Lyft expandirá su grupos de socios automotores, empezando por Jaguar Land Rover. La segunda empresa de viajes particulares más grande de Estados Unidos intenta aprovechar los tropiezos de Uber.

Bloomberg

Jaguar Land Rover dijo que está trabajando con Lyft en tecnología de conducción autónoma y que ofrecerá vehículos para alquilar a los conductores de la startup con sede en San Francisco. La automotriz, filial de Tata Motors, también reveló una inversión de 25 millones de dólaresen Lyft como parte de una ronda de financiamiento cerrada en abril, que tasa la empresa en 7 mil 500 millones de dólares.

“Emocionados de anunciar nuestra sociedad con Land Rover y Jaguar para ayudar a lograr nuestra visión de movilidad compartida”, dijo Lyft en Twitter.

La inversión demuestra que las automotrices están cubriendo sus apuestas en el competitivo mercado de los viajes particulares. Tata Group, dueña de Tata Motors y Jaguar, ya había invertido no menos de 100 millones de dólares en Uber, y el año pasado formaron una sociedad de financiamiento en India.

General Motors, una importante inversora y socia de Lyft, comenzó a trabajar en los viajes compartidos con Uber el año pasado tras lanzar un programa parecido con Lyft.

La sociedad entre Lyft y Jaguar llega poco después del inesperado anuncio, hecho el mes pasado, de que la startup de viajes particulares está trabajando con Waymo, de Alphabet. La empresa hermana de Google demandará a Uber por la tecnología de conducción autónoma pese a que la sociedad controlante de Waymo es inversora en Uber.

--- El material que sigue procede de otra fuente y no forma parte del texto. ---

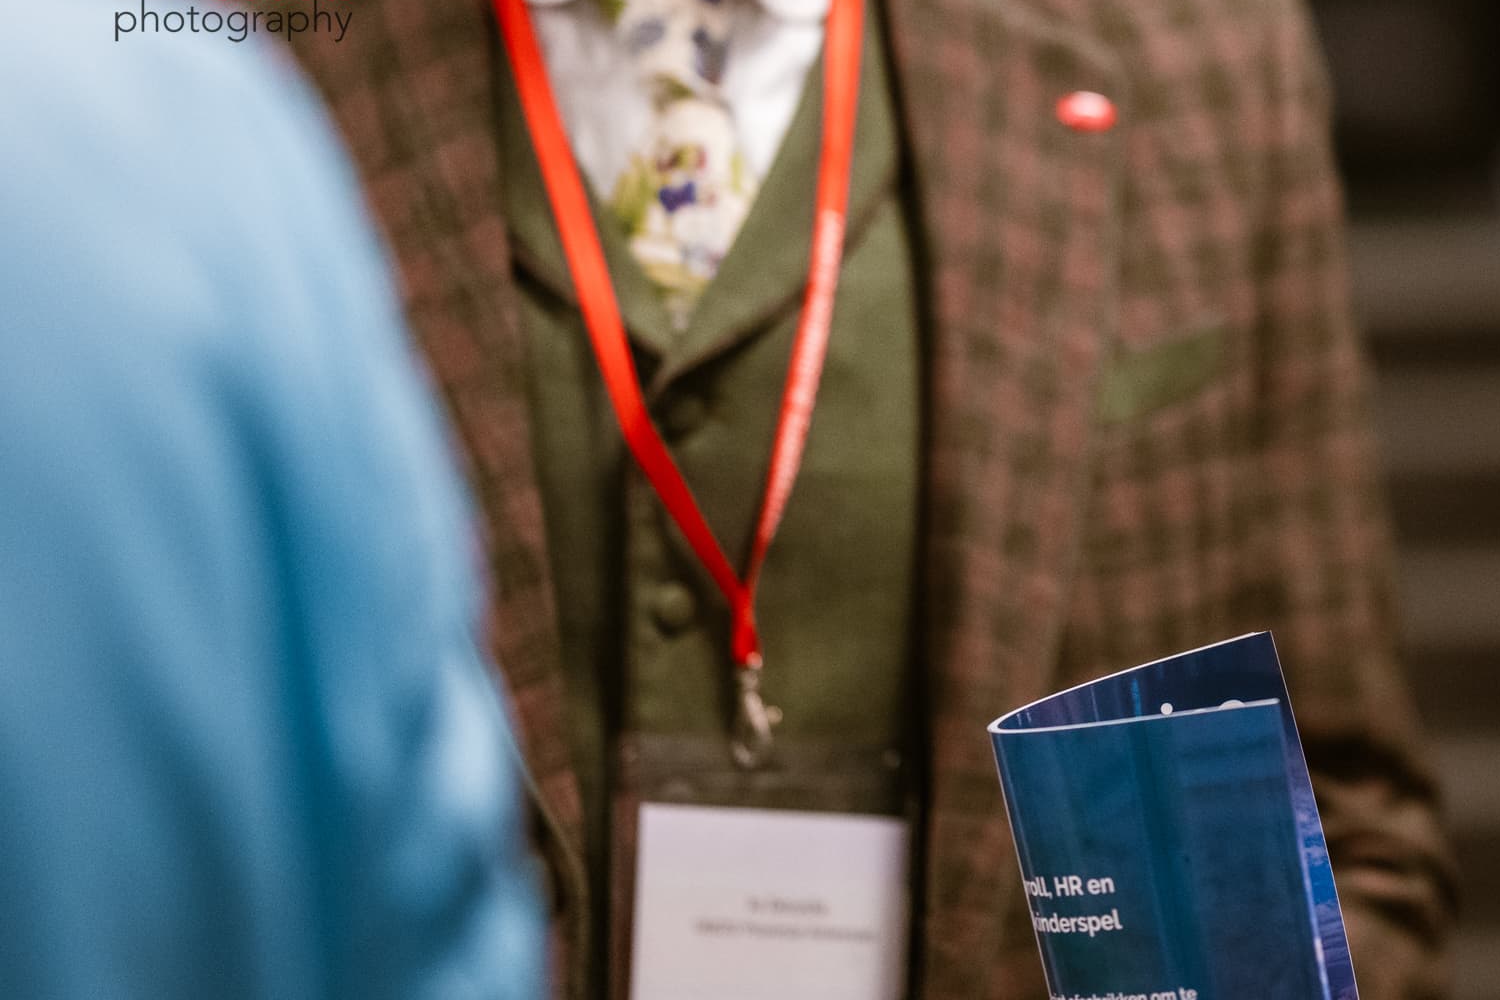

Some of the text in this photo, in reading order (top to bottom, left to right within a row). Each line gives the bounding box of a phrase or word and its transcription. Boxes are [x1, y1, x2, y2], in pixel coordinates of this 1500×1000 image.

[1053, 875, 1084, 897] HR
[1087, 877, 1116, 895] en
[1033, 908, 1124, 938] inderspel

Además de Jaguar y Waymo, Lyft trabaja con GM en proyectos de conducción autónoma y la semana pasada declaró que formó una alianza parecida con la startup NuTonomy.

“Socios distintos tienen habilidades distintas y esta es una oportunidad muy grande”, dijo John Zimmer, cofundador y presidente de Lyft. “En líneas generales, esto hará efecto dentro de cinco a 10 años, y es fundamental que tengamos varios socios en diversos espacios y lugares”.

Aliados de Uber

Uber tiene sus aliados. La empresa firmó acuerdos sobre tecnología autónoma con Daimler y Volvo Cars. Además, gastó cientos de millones de dólares en tecnologías de ese tipo desarrolladas internamente, que actualmente está probando con los clientes en la vía pública.

Aún no queda claro cómo se utilizarán los autos autónomos en las próximas décadas. Un día, empresas de viajes particulares como Lyft, la india Ola, la china Didi Chuxing y Uber podrían comprar sus propios vehículos autónomos, compartir ganancias con los fabricantes de tecnología de conducción autónoma que operen coches en sus redes o enfrentar la competencia de nuevos sistemas autónomos de viajes particulares.

Por ejemplo, Elon Musk, de Tesla, manifestó su interés en crear un servicio semejante para sus clientes.

“Creemos que esto tiene para rato”, dijo Zimmer. “Yo solía salir a correr una milla. Para eso se dan cuatro vueltas, y quizás estemos en la segunda”.